Overview
This dataset contains comprehensive quantum chemistry calculations and Variational Quantum Eigensolver (VQE) results for the molecular nitrogen (N₂) dissociation curve using the Contextual Subspace (CS) approach on a superconducting quantum computer.
Source
Dataset Description
The dataset (n2_cs_vqe_complete.parquet) contains 160 rows (geometries) and 46 columns (features) in a unified structure. Each row represents a molecular geometry along the N₂ dissociation curve from 0.8 to 2.0 Å.
The dataset combines:
- Classical quantum chemistry calculations for all 160 geometries (complete dissociation curve)

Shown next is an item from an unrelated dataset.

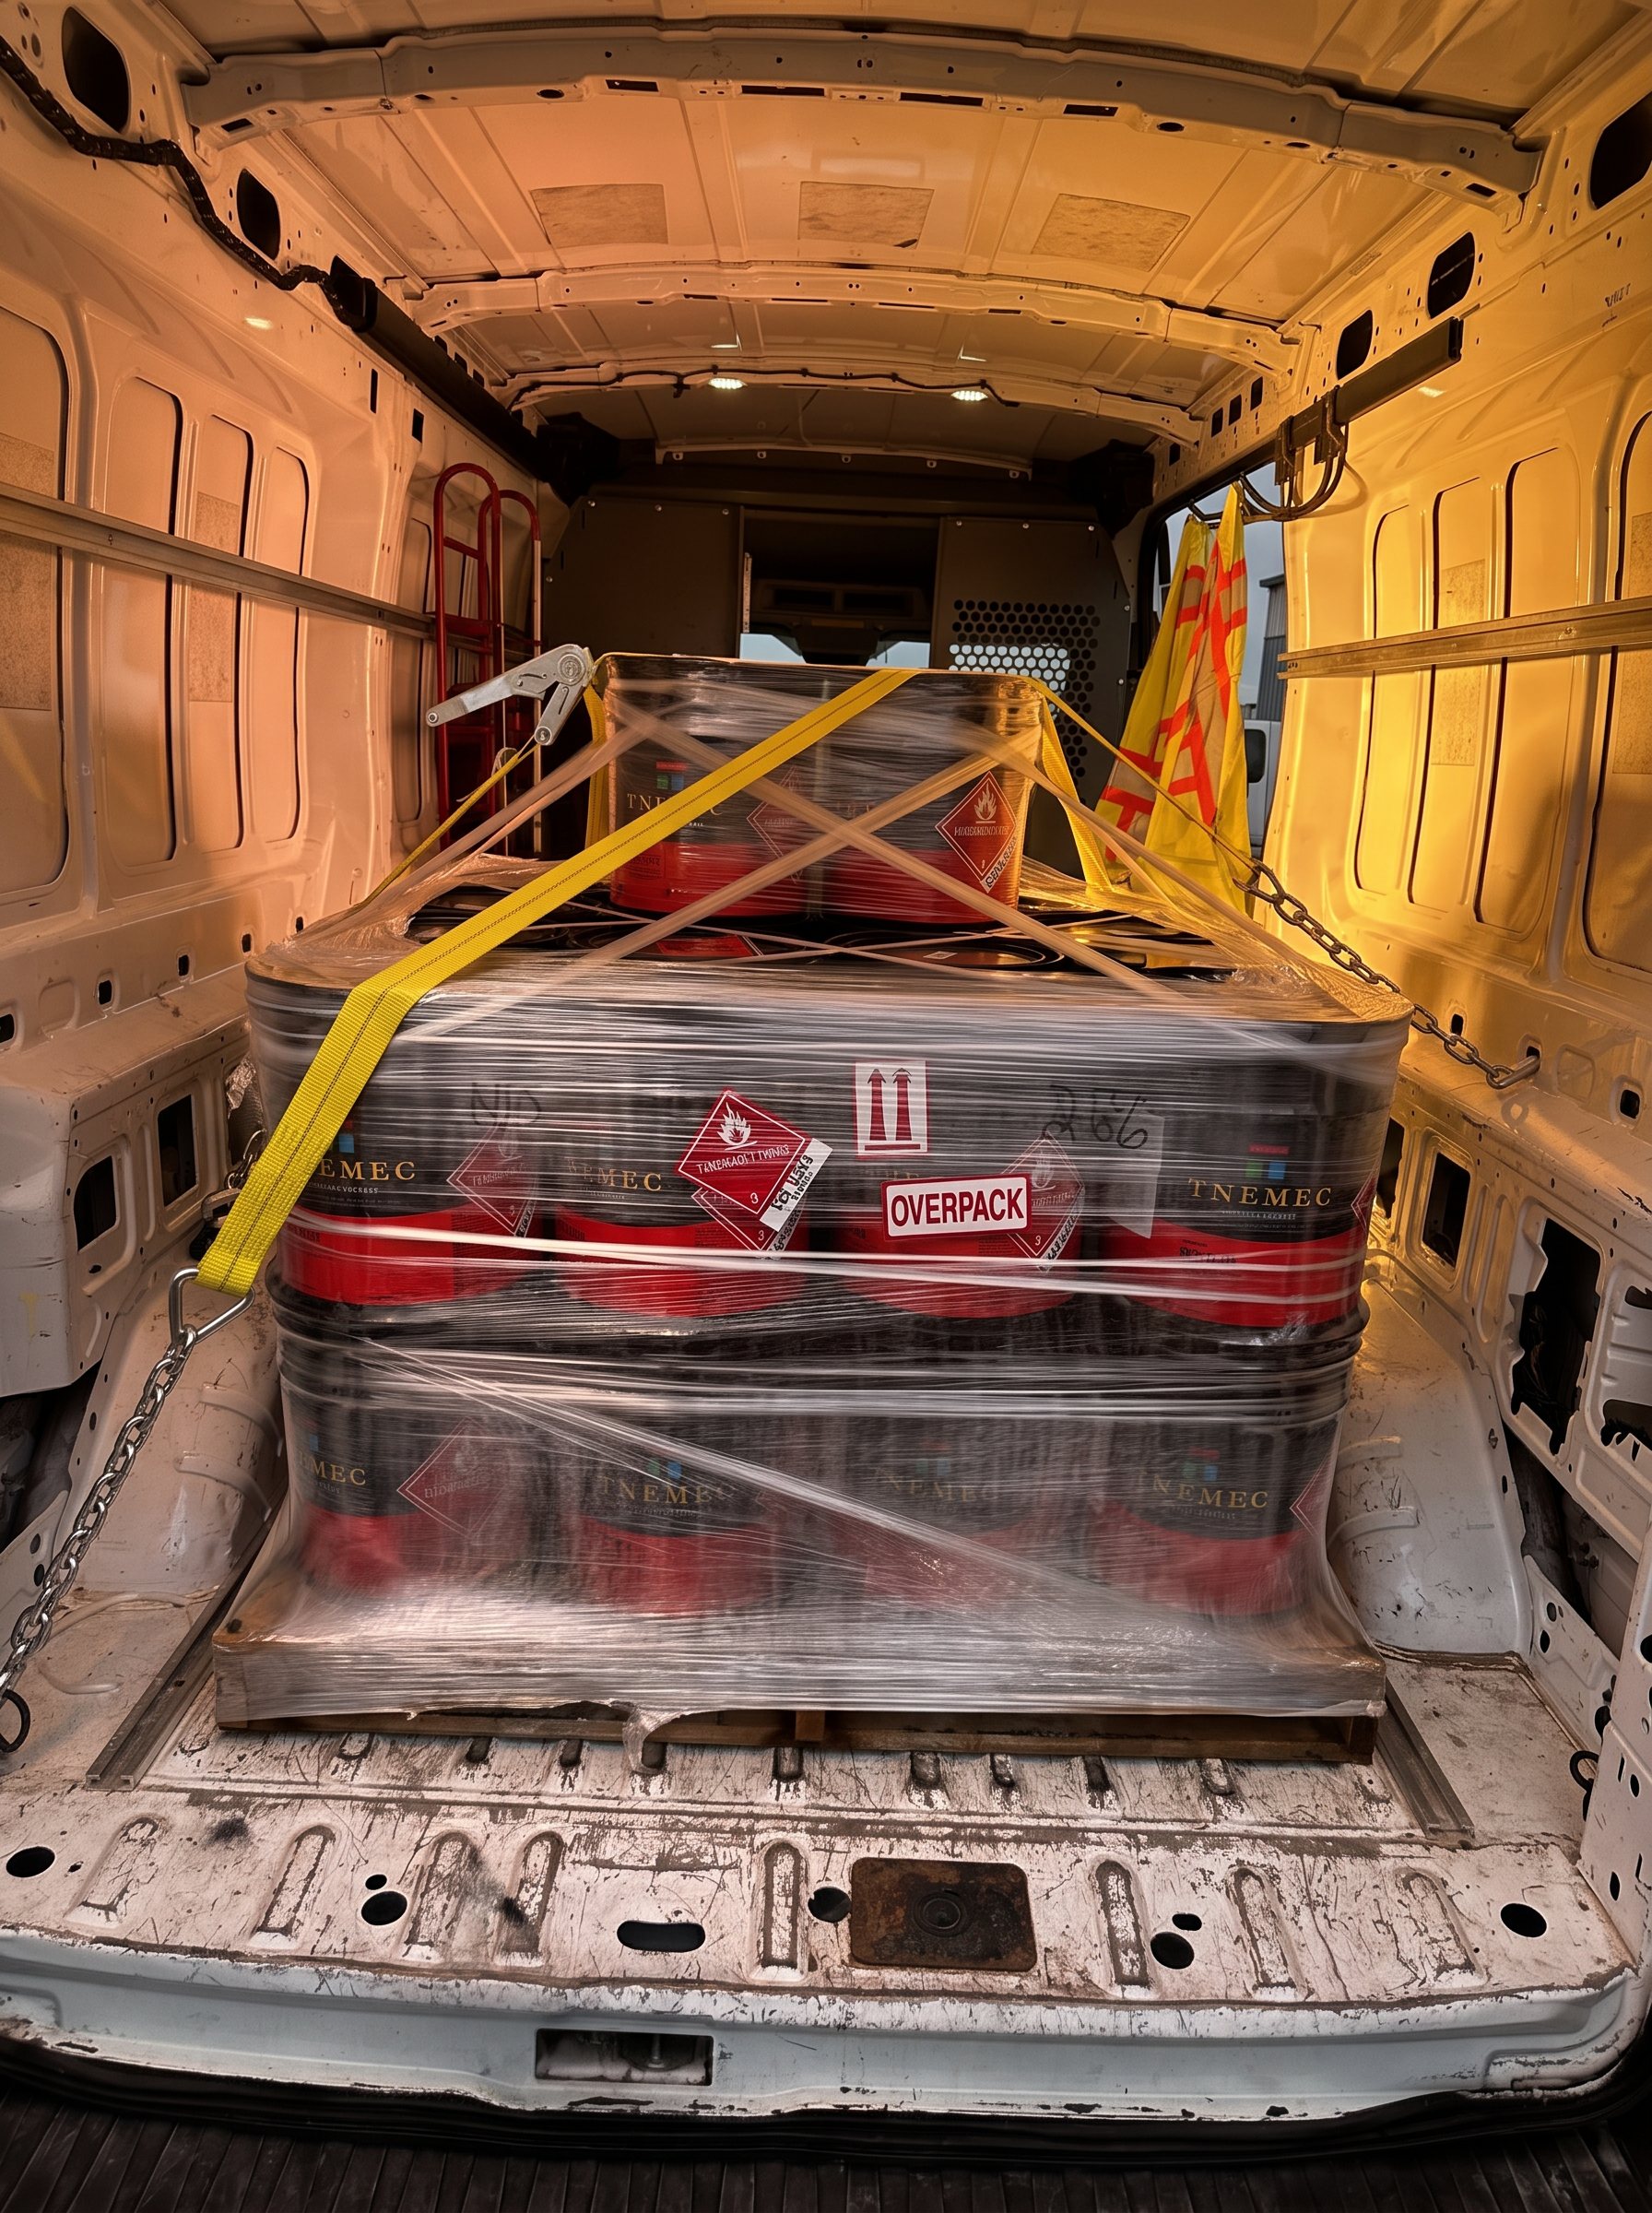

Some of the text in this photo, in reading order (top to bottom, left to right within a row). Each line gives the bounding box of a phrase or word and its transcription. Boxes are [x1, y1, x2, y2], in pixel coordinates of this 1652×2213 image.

- Experimental quantum computing results from IBM superconducting quantum processors at 10 selected geometries
All data for a given geometry is contained in a single row, eliminating the need for separate datasets or complex joins.
Key Features
Data Organization
- 160 rows: One row per molecular geometry (bond length)
- has_experimental_data: Boolean flag indicating whether experimental quantum computing data is available for this geometry (10 geometries have
True, 150 have False)
Molecular Geometry
bond_length_angstrom: N-N bond length in Ångströms (ranging from 0.8 to 2.0 Å, 160 evenly-spaced points)
Classical Quantum Chemistry Energy Calculations
Available for all 160 geometries:
energy_hf: Hartree-Fock energy
energy_mp2: MP2 (Møller-Plesset 2nd order) energy
energy_cisd: Configuration Interaction Singles Doubles energy
energy_ccsd: Coupled Cluster Singles Doubles energy
energy_ccsd_t: CCSD with perturbative triples energy
energy_fci: Full Configuration Interaction energy (exact within basis set)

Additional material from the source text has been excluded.